Democracy Gone Astray

Democracy, being a human construct, needs to be thought of as directionality rather than an object. As such, to understand it requires not so much a description of existing structures and/or other related phenomena but a declaration of intentionality.
This blog aims at creating labeled lists of published infringements of such intentionality, of points in time where democracy strays from its intended directionality. In addition to outright infringements, this blog also collects important contemporary information and/or discussions that impact our socio-political landscape.

All the posts here were published in the electronic media – main-stream as well as fringe, and maintain links to the original texts.

[NOTE: Due to changes I haven't caught on time in the blogging software, all of the 'Original Article' links were nullified between September 11, 2012 and December 11, 2012. My apologies.]

Tuesday, September 24, 2013

Poloz sounds more like a Harper Cabinet minister than Canada’s central bank governor

Bank of Canada Governor Stephen Poloz, with his rah-rah Vancouver speech on the economy, sounds more like a Cabinet minister in the Harper government than an independent central bank governor. This should concern him because Canadians want an independent central bank governor who is non-partisan, thorough and analytical in his pronouncements. They don’t need another economic cheerleader.

In his latest public speech, in Vancouver, Poloz rhapsodized about the looming return to what he called “natural economic growth.”

While acknowledging, “we are not yet back to normal,” Poloz contended our economy is at a “tipping point from improving confidence into expanding capacity.”

Maybe.

Unfortunately, his speech failed to acknowledge serious challenges in the economy.  Most of the jobs created since the recession, he claimed, “are in occupations requiring relatively high skill levels and are mostly in industries with above-average wages.”

This, he contended, will lead to “the virtuous circle of higher incomes, more spending, and more jobs that are associated with natural growth.”

But he also predicated Canada’s future growth and prosperity on what he sees as a coming surge in exports.

Much is made of Canada’s job recovery from the dark days of mid-2009. And clearly, we have done better than the U.S. But our employment rate—the percentage of people of working age who actually have a job—remains too low, and lower than before the recession hit, while our unemployment rate remains too high, higher than before the recession hit.

Moreover, young Canadians are having an especially tough time in finding regular, full-time jobs, as opposed to shorter-term contract employment, wages and benefits of workers with regular jobs are being squeezed (except for top executive who live in a world of their own), and two-tier compensation systems are growing in number, with new employees earning lower pay and benefits than existing employees. We have widening income and wealth inequality.
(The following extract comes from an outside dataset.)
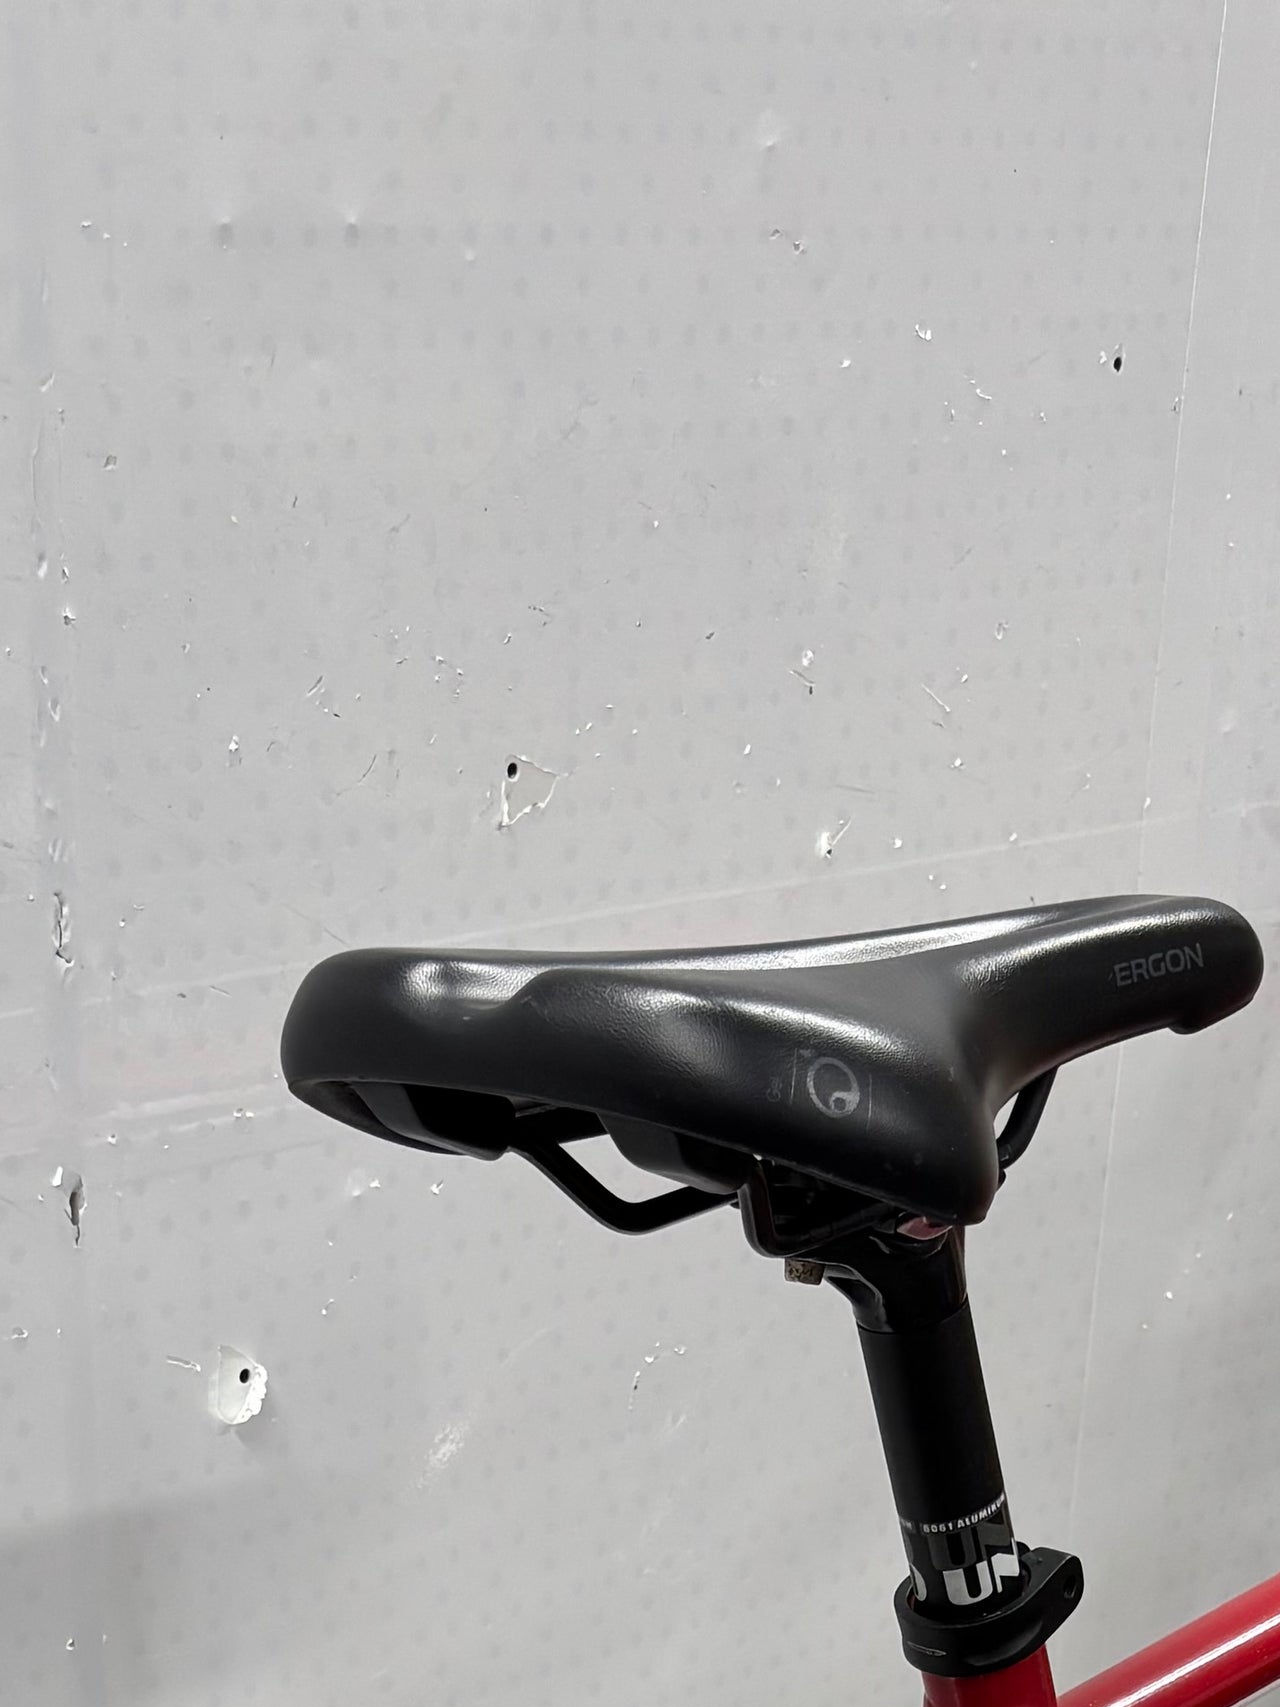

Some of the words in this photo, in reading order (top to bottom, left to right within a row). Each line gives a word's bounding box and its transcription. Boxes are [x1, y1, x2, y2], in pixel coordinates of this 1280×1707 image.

[1113, 942, 1204, 987] ERGON
[923, 1522, 954, 1534] 6061
[942, 1536, 1020, 1606] UN
While Poloz and the Harper government are correct in pointing out that there has been a recovery in employment since 2009, if you take an earlier benchmark—July 2007—before the economic troubles began and the recession hit, then the numbers tell a different story.
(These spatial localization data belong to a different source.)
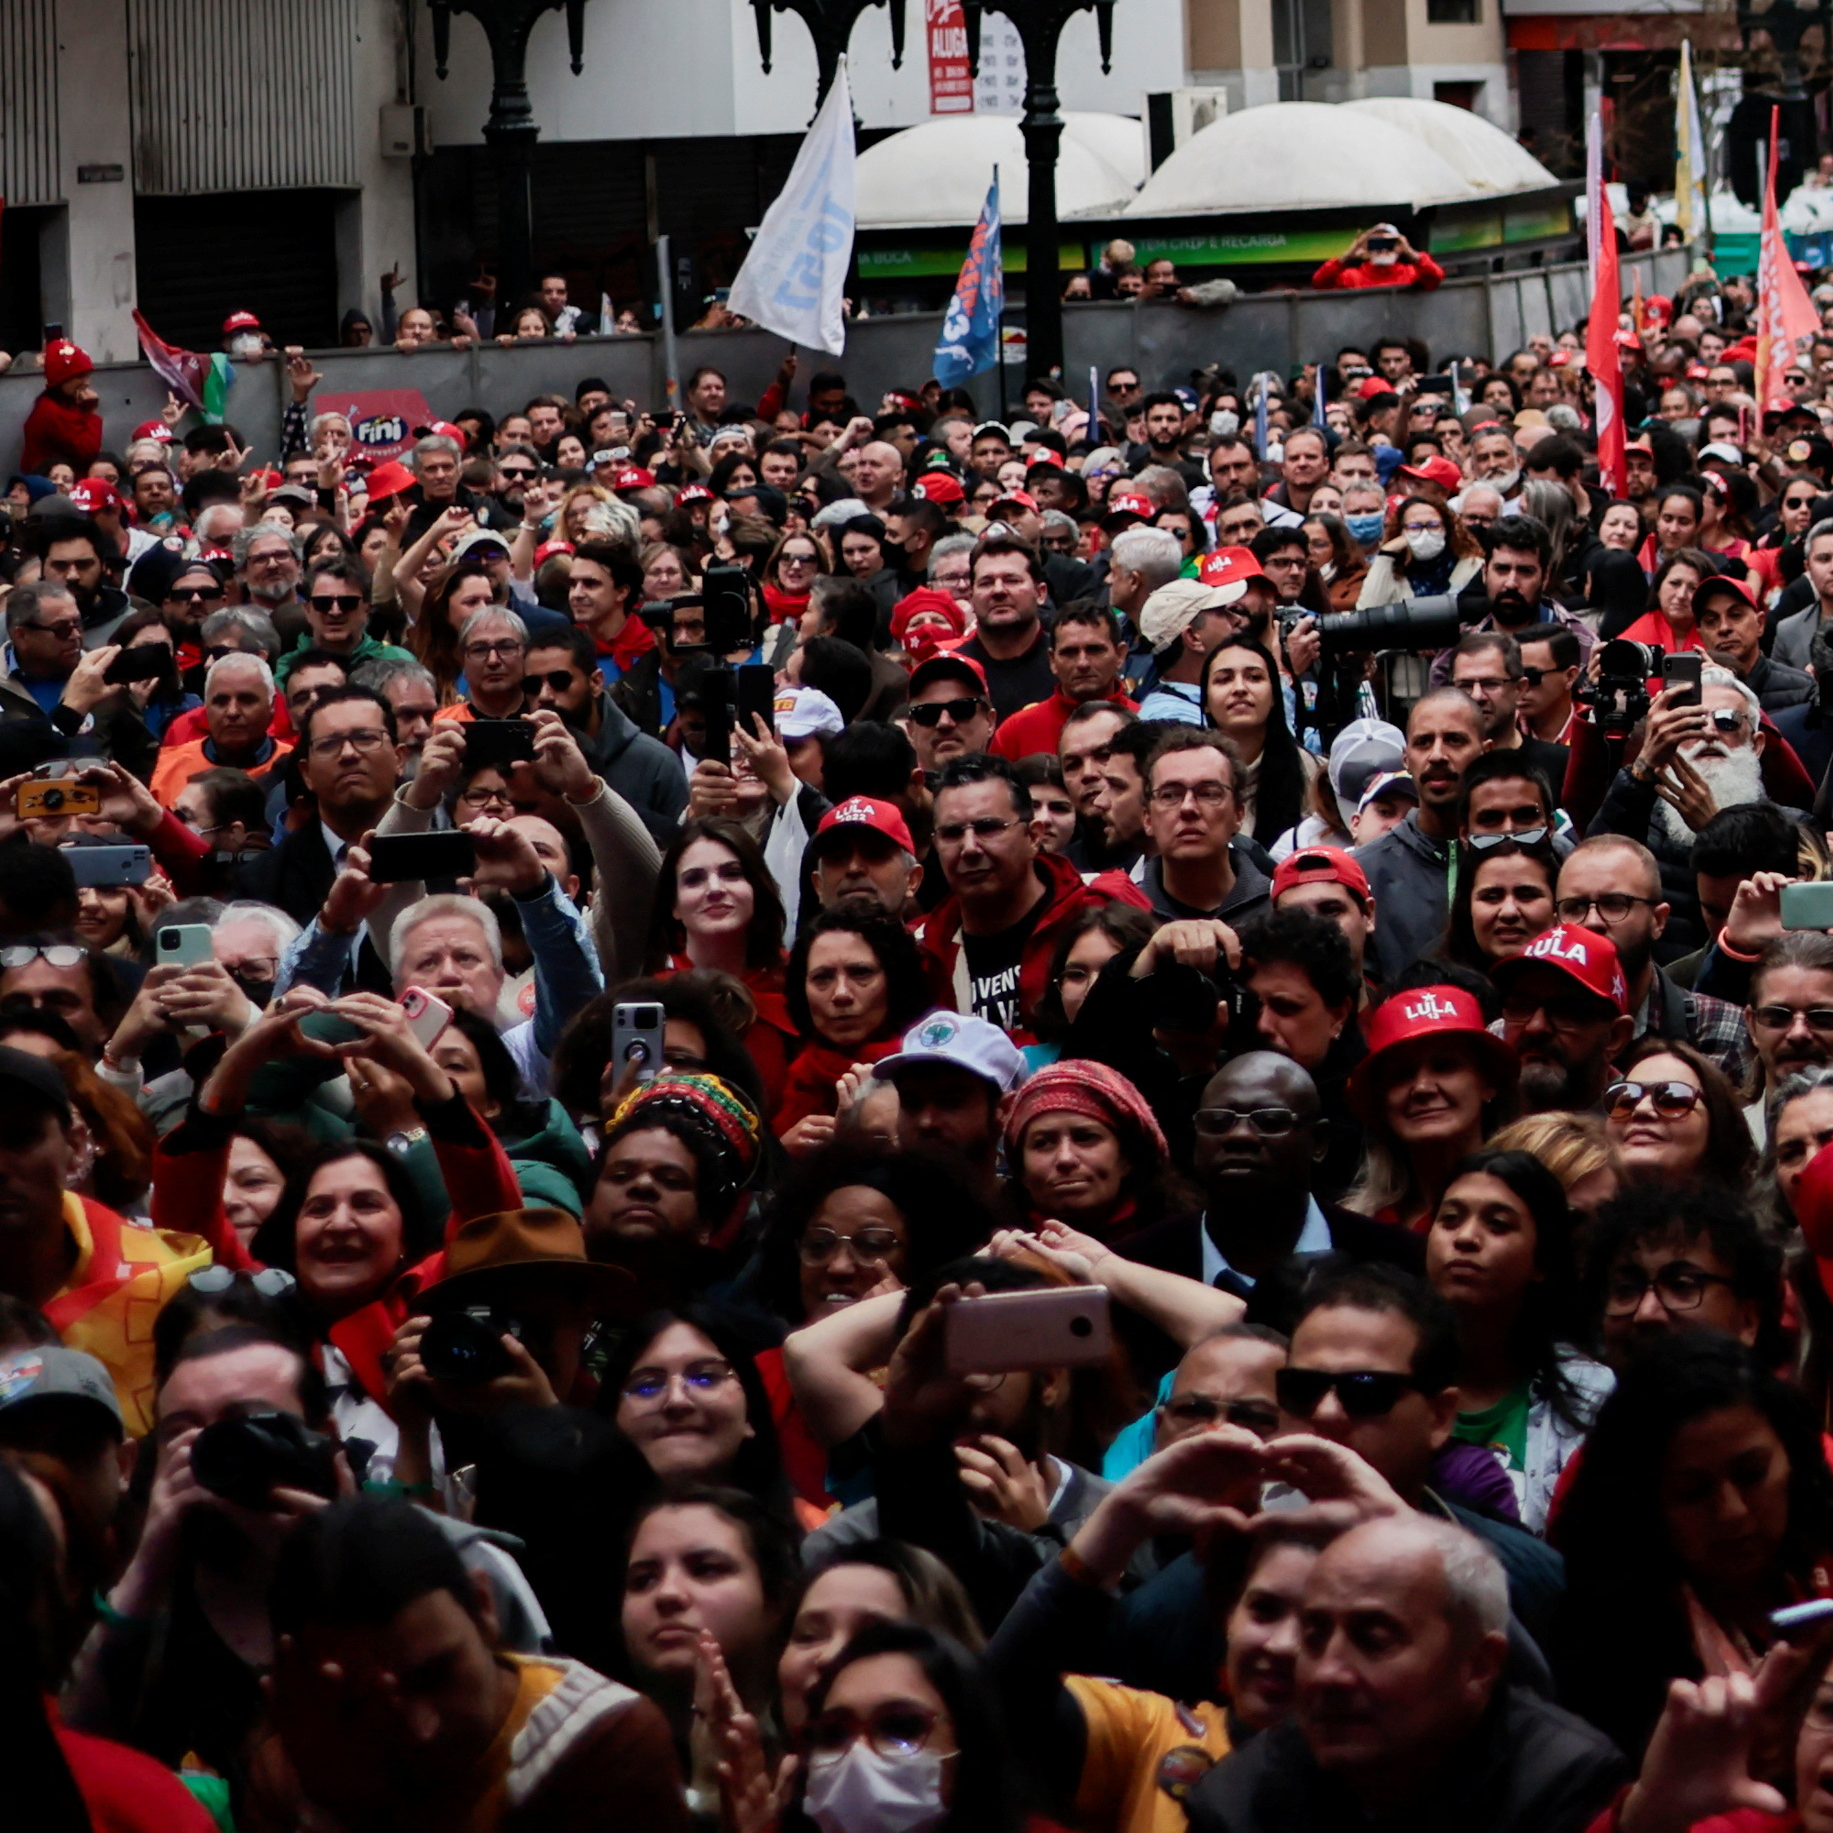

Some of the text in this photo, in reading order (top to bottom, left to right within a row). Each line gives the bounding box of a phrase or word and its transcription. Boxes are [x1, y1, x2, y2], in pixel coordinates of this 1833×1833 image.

[368, 416, 402, 444] Fini
[69, 488, 92, 501] ULA
[834, 803, 875, 821] LULA
[1525, 938, 1588, 967] LULA
[1404, 1000, 1457, 1019] LULA
Compared to July 2007, we had gained 895,600 jobs by July 2013. But largely publicly-funded education, health, and public administration accounted for nearly 60 per cent of the job gains or 529,500 jobs while manufacturing lost 289,700 jobs.  And despite all the talk of the oil sands and mining, we have added just 29,700 jobs in the resources sector. Construction added another 196,100 jobs, fuelled by the demand for houses and condos because of super-low mortgage rates, while professional, scientific, and technical services, which include law, accounting, advertising agencies, computer systems, and various consulting services, added 210,000 jobs. But we still have some distance to go.

For his part, Poloz brought a hyped message of hope to Vancouver, talking up new kinds of jobs; such as social media experts and professional bloggers and Canada’s prospects for innovative new companies and big export gains in emerging markets, along with the application of new technologies such as 3-D printing, artificial intelligence, and synthetic biology.

“Whole new sectors will take off, descriptions of new classes of jobs will be written, and people will be hired under brand-new, yet-to-be-defined job titles.”

So, he said, “I anticipate that the Canadian economy will normalize and growth will become natural.”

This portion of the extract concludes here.